Sin internet: el bloqueo agrava la desigualdad educativa en Argentina

Buenos Aires, Argentina – Aldana Ramos recuerda un momento en el inicio de la pandemia de coronavirus, cuando pensó que tendría que abandonar los estudios. El residente de 19 años del barrio de bajos ingresos de Villa Soldati estaba haciendo malabarismos con dos programas educativos: tomar cursos universitarios para la escuela de medicina por la mañana y estudiar enfermería por la tarde.

Pero fue la demanda de aulas que se centraran completamente en el espacio virtual lo que dificultaba las cosas. Sin Internet en casa y solo un teléfono celular que compartía con su hermano menor para iniciar sesión y completar las tareas, parecía casi imposible mantenerse al día.

Intentó usar wi-fi en su parque local, pero “el problema es que todos se conectan al mismo tiempo y termina colapsando”, dijo Ramos a Al Jazeera. “Entonces, es igual a nada”.

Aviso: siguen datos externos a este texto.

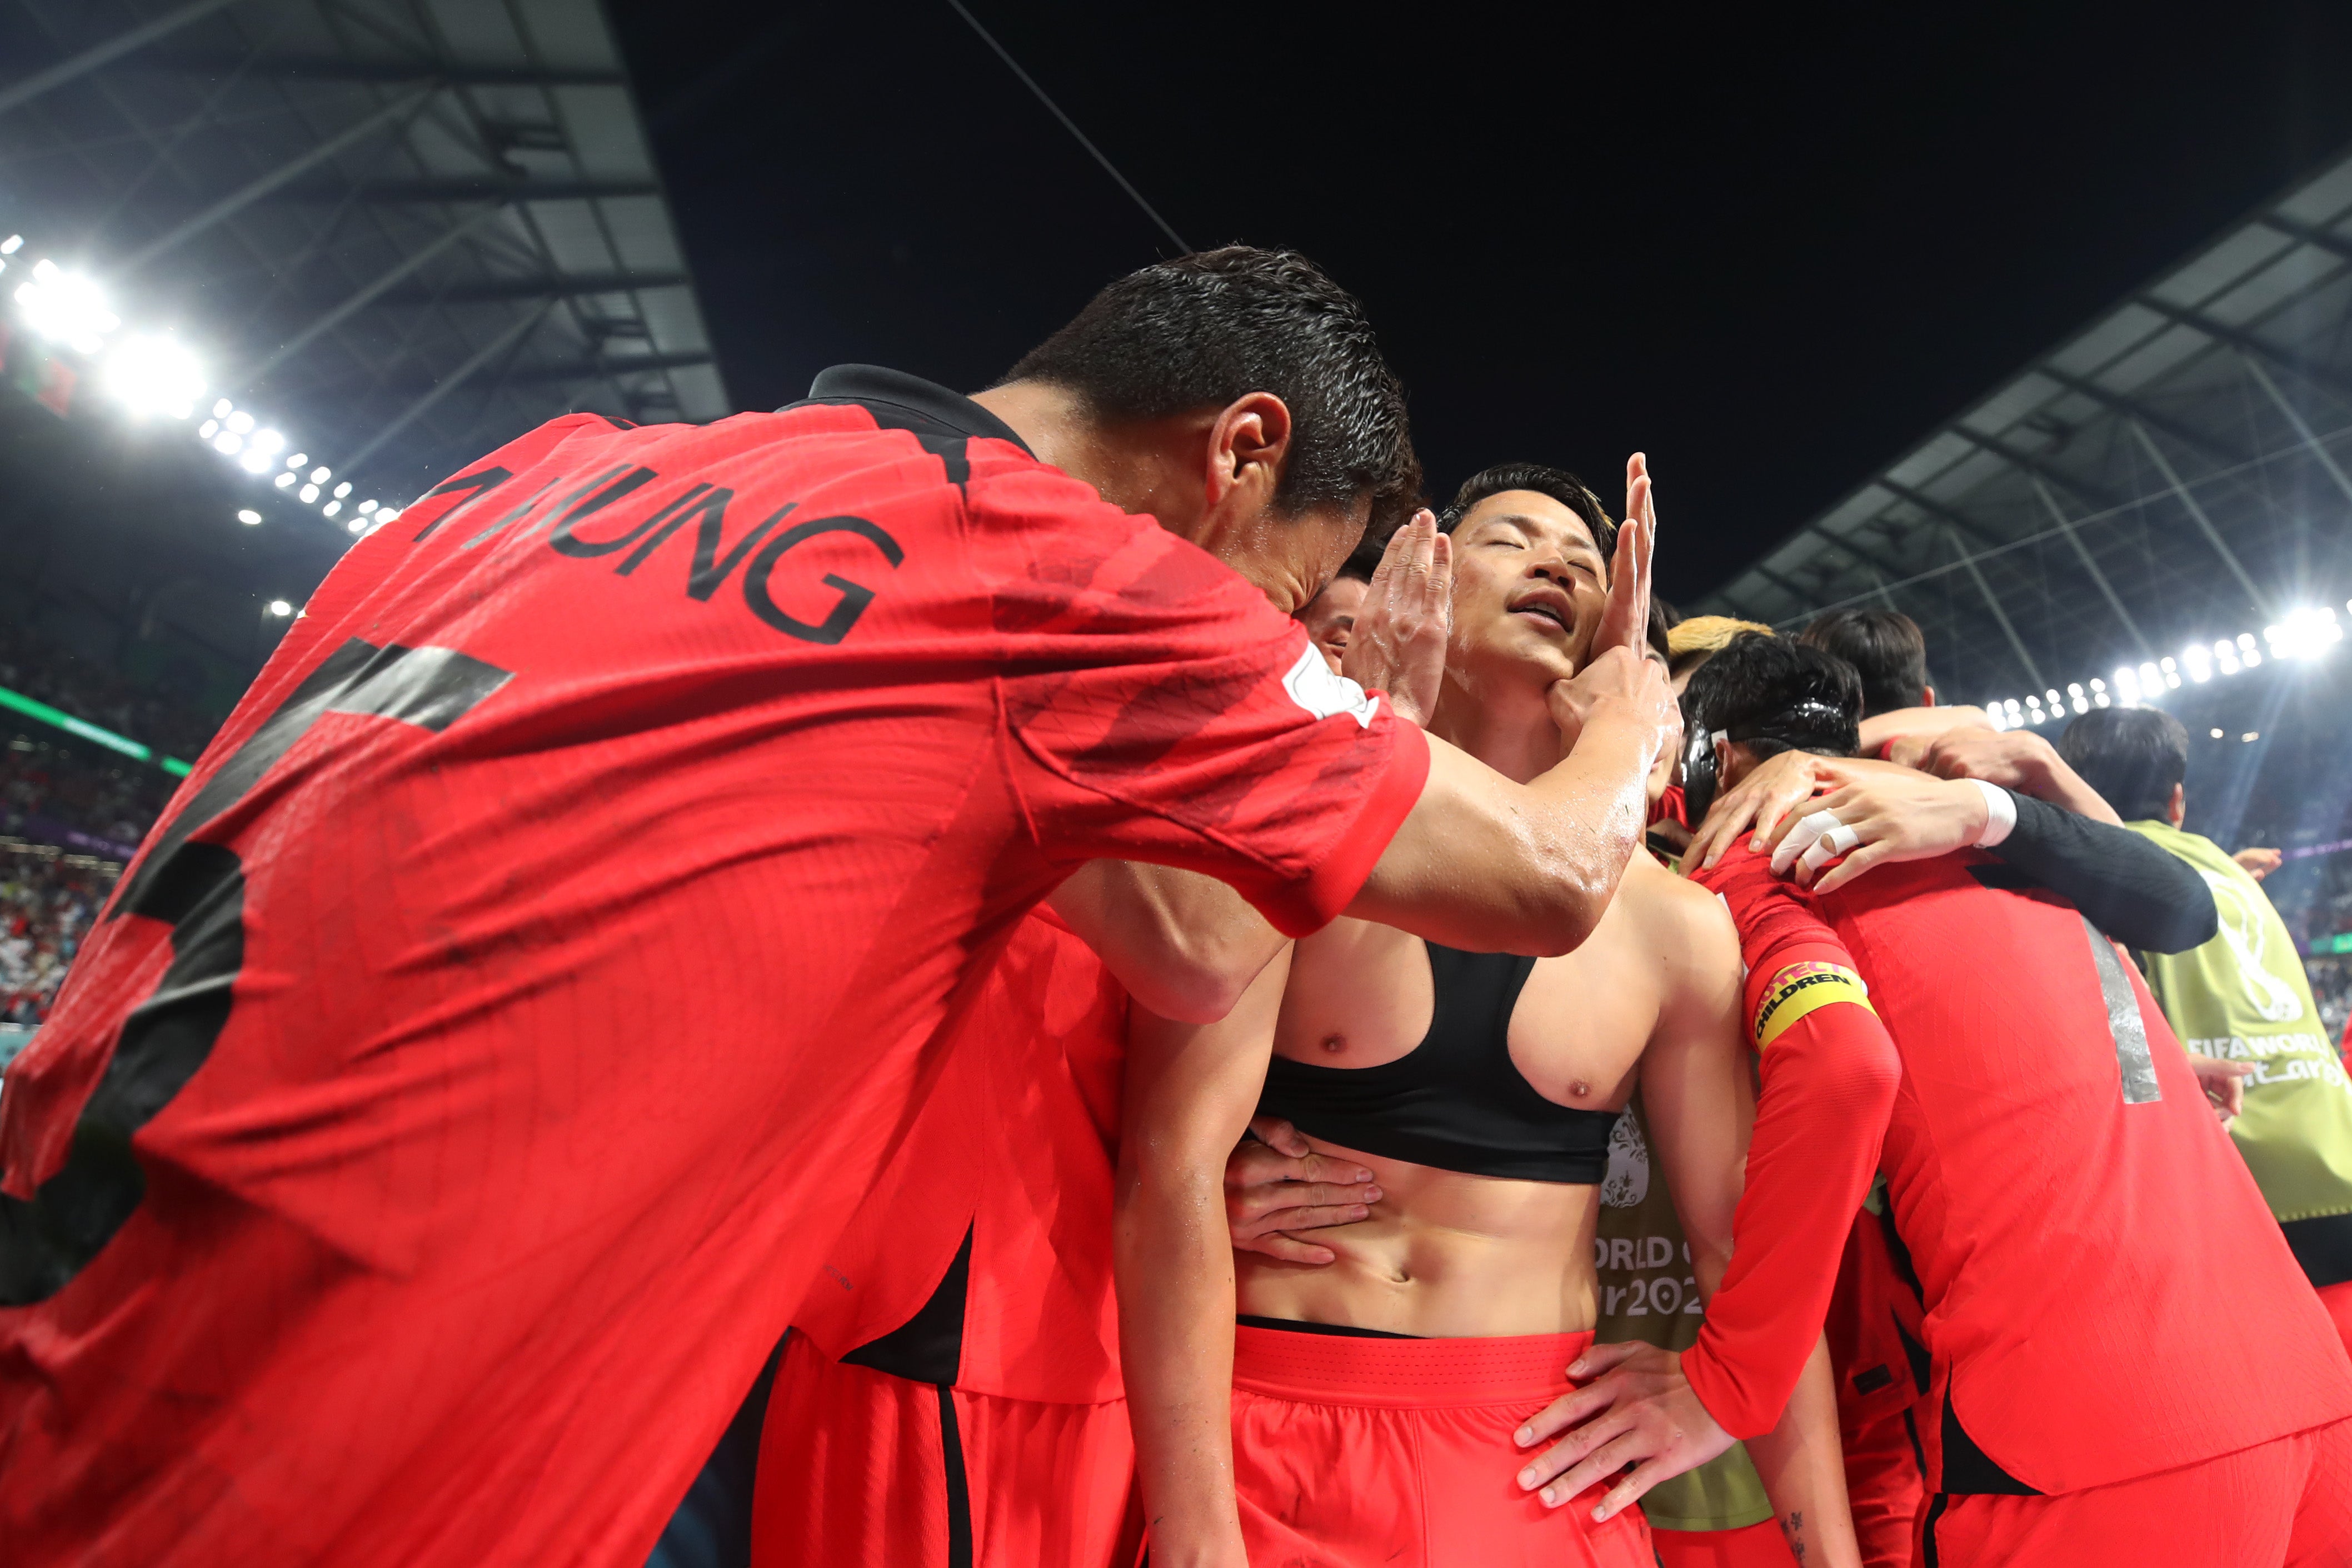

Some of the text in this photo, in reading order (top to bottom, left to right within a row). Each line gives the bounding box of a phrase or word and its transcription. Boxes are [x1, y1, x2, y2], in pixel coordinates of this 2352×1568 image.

[1756, 974, 1852, 1040] CHILDREN
[2188, 1036, 2250, 1059] FIFA
[1599, 1277, 1704, 1316] r202

La educación se convirtió en un tema altamente politizado en Argentina durante la pandemia, con líneas de batalla trazadas sobre si las aulas deberían permanecer abiertas durante otra ola de infecciones por COVID-19 o continuar virtualmente, como lo hicieron casi a lo largo de 2020.

La disputa llegó a la Corte Suprema, que se puso del lado de la ciudad de Buenos Aires cuando se negó a acatar un decreto del gobierno nacional de cerrar escuelas mientras crecían las infecciones.

Ahora, mientras Argentina registra un número récord de casos de COVID-19, 35.000 por tercer día consecutivo, un nuevo bloqueo anunciado el jueves vuelve a enviar a todos los estudiantes a casa, lo que hace que la cuestión de cómo garantizar que todos puedan aprender sea más urgente que nunca. .

Brecha digital

En una región profundamente desigual como América Latina, el cierre de escuelas tiene un efecto dominó: los niños de los barrios de bajos ingresos pierden la comida diaria que ofrecen las escuelas, así como otros tipos de apoyo.

Muchos padres de clase media también estaban hartos del aprendizaje virtual después de todo un año. Pero para quienes viven en barrios más privilegiados, la pandemia ha facilitado partes de la escuela. Este fue el caso de Ayrton de los Santos, un estudiante de economía de 25 años que vive en el barrio burgués de Almagro.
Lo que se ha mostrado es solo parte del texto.